Pre- and post-employment education reforms need to be explored to ensure professionals are current in their knowledge, practices and attitudes.
Government engagement is critical to advancing services for children with disabilities. Professionals need to work with families and family-based organisations to develop a coordinated advocacy strategy to promote government action that is aligned to a national policy framework.
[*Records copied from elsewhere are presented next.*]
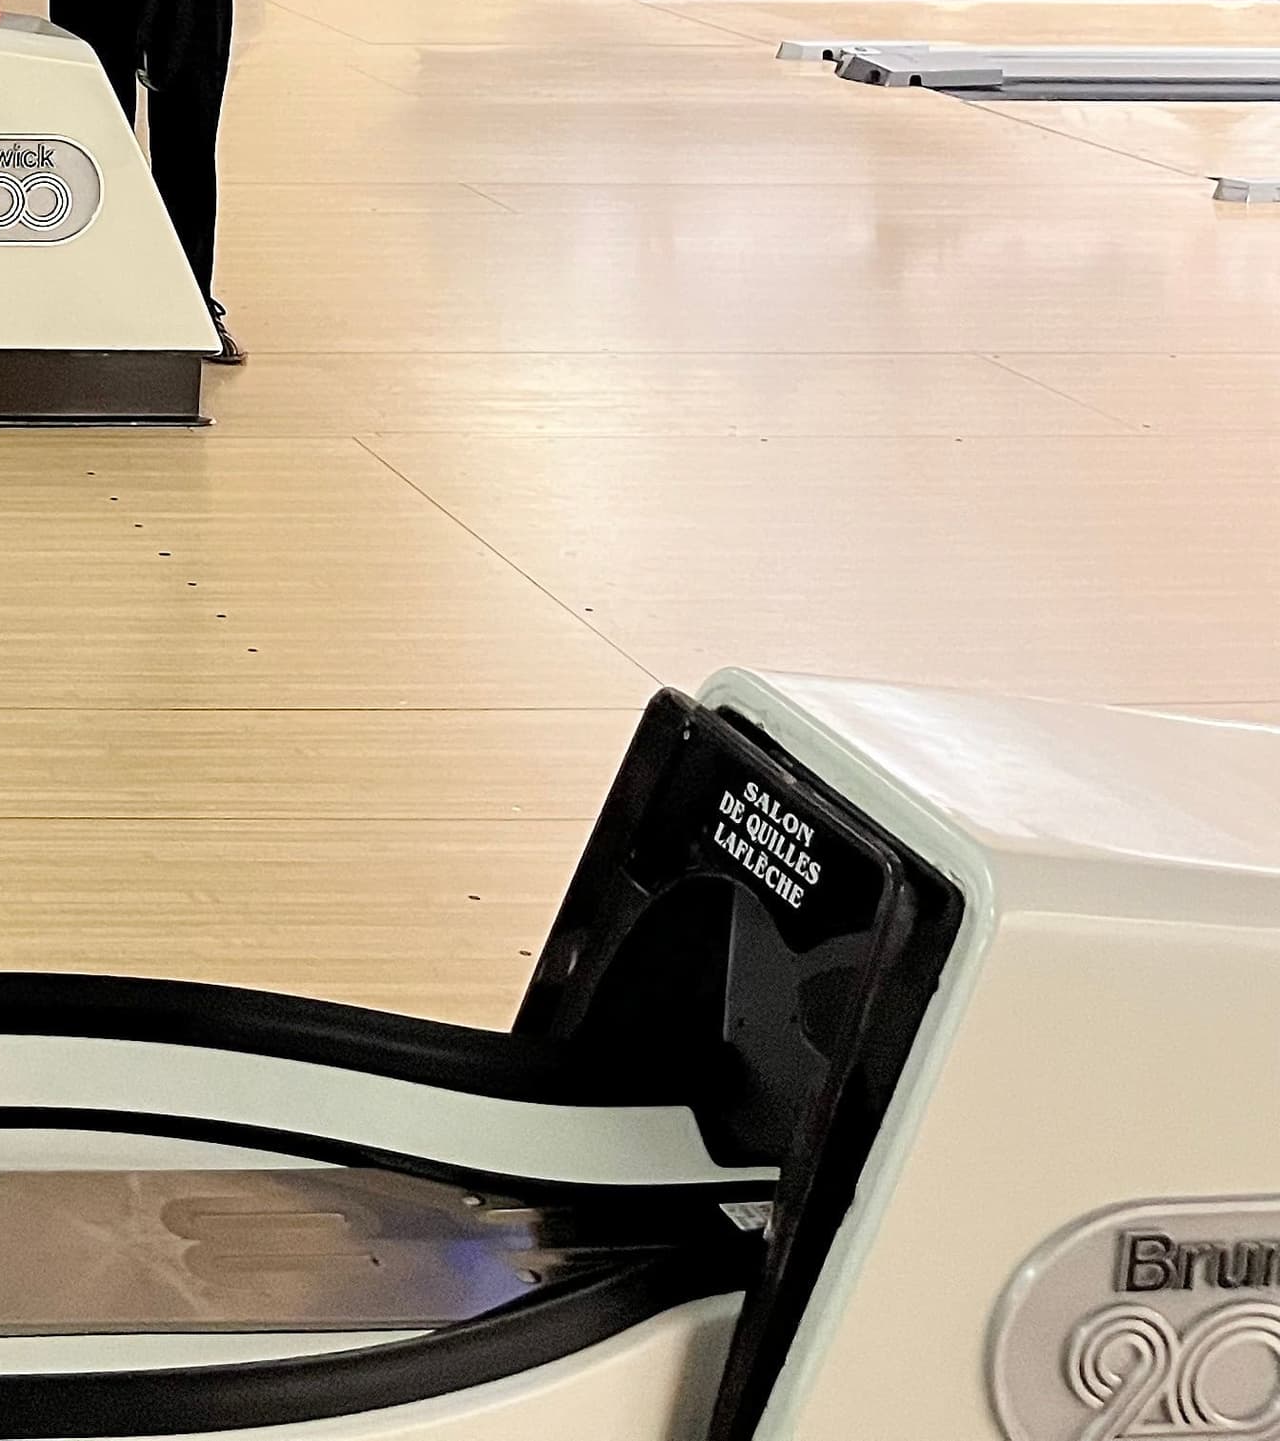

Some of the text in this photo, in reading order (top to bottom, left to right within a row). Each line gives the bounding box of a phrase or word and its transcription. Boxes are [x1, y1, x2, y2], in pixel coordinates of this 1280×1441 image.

[719, 790, 822, 885] DE QUILLES
[743, 782, 815, 848] SALON
[713, 821, 805, 909] LAFLÈCHE
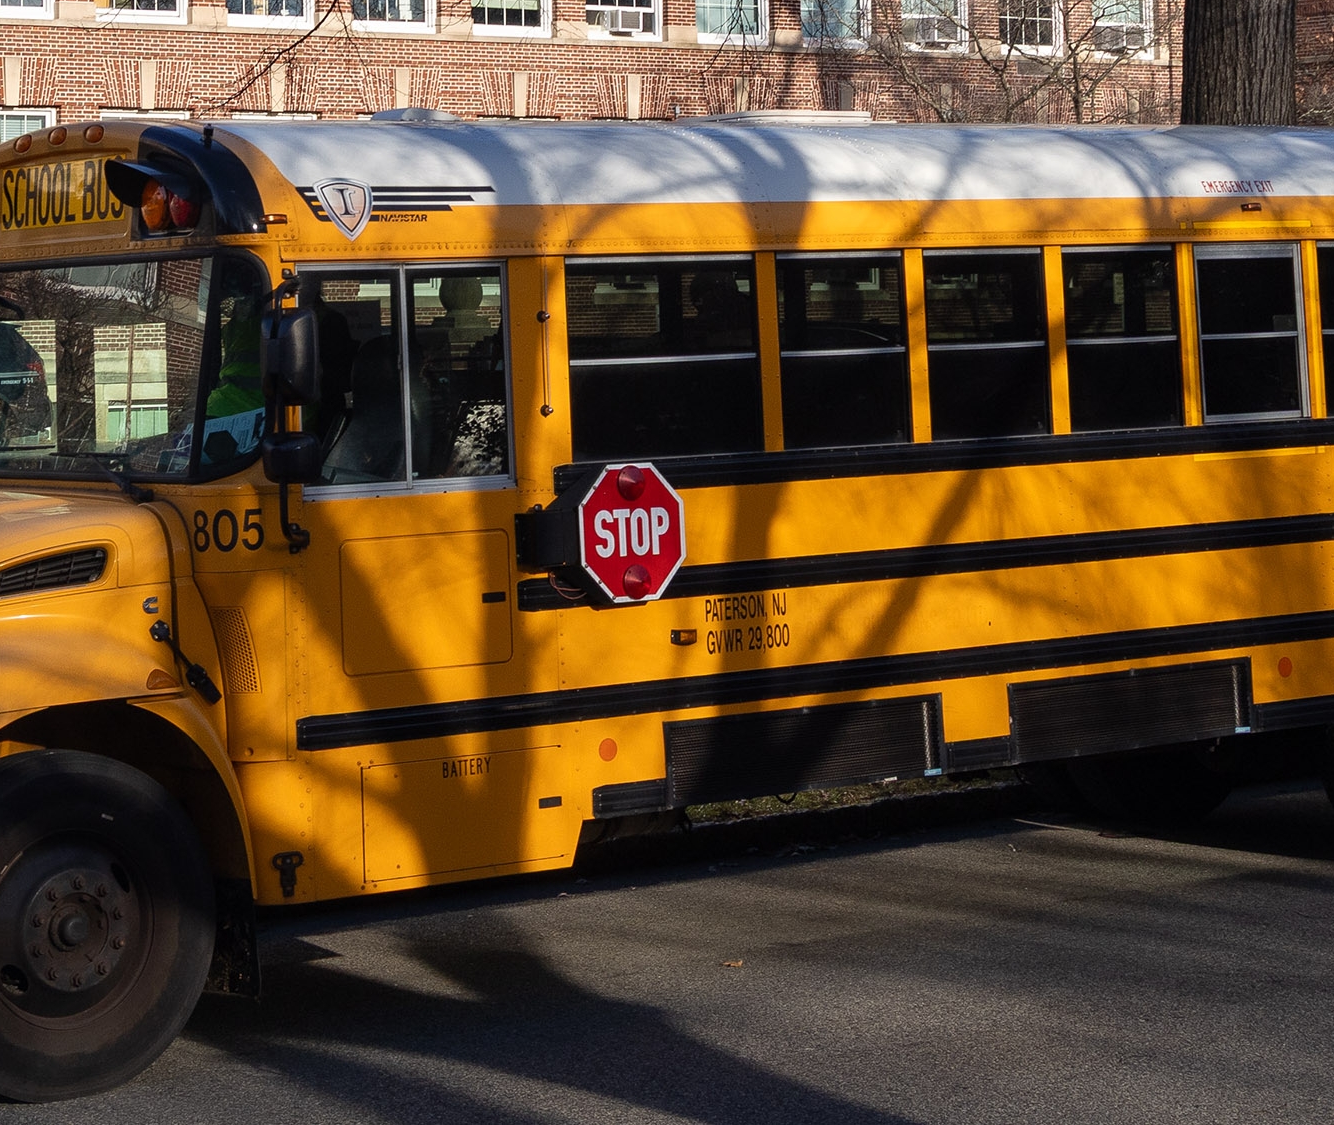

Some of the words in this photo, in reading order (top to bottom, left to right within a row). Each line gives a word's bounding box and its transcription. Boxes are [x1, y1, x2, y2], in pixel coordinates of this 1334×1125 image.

[2, 161, 76, 230] SCHOOL
[1201, 180, 1254, 193] EMERGENCY
[1254, 180, 1274, 193] EXIT
[380, 214, 428, 223] NAVISTAR
[193, 508, 265, 553] 805
[593, 506, 670, 559] STOP
[705, 593, 768, 623] PATERSON,
[772, 592, 787, 617] NJ
[706, 628, 744, 655] GVWR
[748, 623, 790, 654] 29,800
[442, 756, 492, 779] BATTERY
Policy makers need to pay attention to development of community and national level data on disability prevalence and the services and programmes available across the life span prioritised.
Conclusion
The 21st-century understanding of disability creates an expectation to support the development of children with disabilities that is focused on ‘ability’ and participation with assessment, therapeutics and programmes or services that are evidence-informed and advanced in partnership with families. This vision can be achieved in low-resource settings where there is institutional leadership that models best practice and works effectively to influence community and government policy and practices.
Acknowledgements
The authors would like to thank the following practitioners in the organisation for their input and support in conducting the workshop without whom this work would not have been possible: Amina Abubakar, Alex Bosire, Alliya Mohamed, Elizabeth Khaemba, Grace M. Thiong’o, Mohamed Shamshudin and Sue Murr.
Competing interests
The authors declare that they have no financial or personal relationships that may have inappropriately influenced them in writing this article.
Authors’ contributions
P.S., S.W., A.K., M.T., E.K., A.M., A.S., P. R. and R.A. all contributed to the conceptualisation, write-up and review of the manuscript. A.K. and M.T. in addition contributed to the initial evaluation of findings. P.S. and R.A. contributed to acquisition of funding to run the workshop and dissemination of findings.
Ethical considerations
This article followed all ethical standards for research without direct contact with human or animal subjects.
Funding information
This research received no specific grant from any funding agency in the public, commercial or not-for-profit sectors. Workshop and dissemination facilitation is partially provided by Aga Khan University.
Data availability
Data sharing is not applicable to this article as no new data were created or analysed in this study.
Disclaimer
The views and opinions expressed in this article are those of the authors and do not necessarily reflect the official policy or position of any affiliated agency of the authors.